[[ Listed entries open ]]

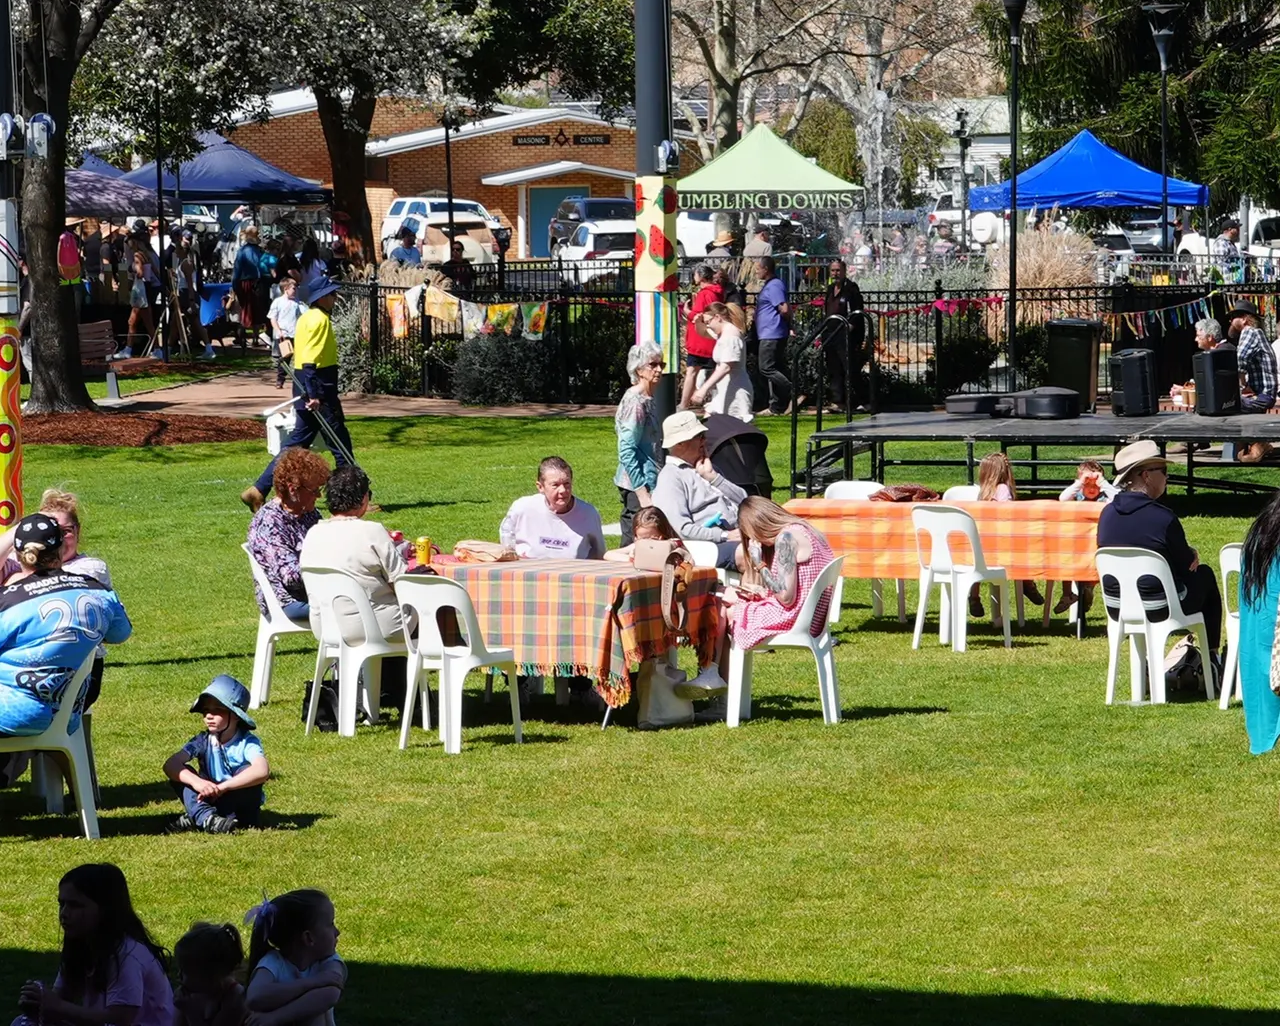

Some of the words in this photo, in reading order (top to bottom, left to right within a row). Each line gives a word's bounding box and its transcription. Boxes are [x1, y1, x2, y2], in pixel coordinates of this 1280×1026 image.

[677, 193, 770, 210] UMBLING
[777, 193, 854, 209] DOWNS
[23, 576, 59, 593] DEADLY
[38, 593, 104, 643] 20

[[ Listed entries closed ]]

● **Try it**:
A verbatim copy of the listing is required, with all pictures left out.

● **Answer for the task**:
Some of the words in this photo, in reading order (top to bottom, left to right within a row). Each line gives a word's bounding box and its transcription. Boxes are [x1, y1, x2, y2], in pixel coordinates of this 1280×1026 image.

[677, 193, 770, 210] UMBLING
[777, 193, 854, 209] DOWNS
[23, 576, 59, 593] DEADLY
[38, 593, 104, 643] 20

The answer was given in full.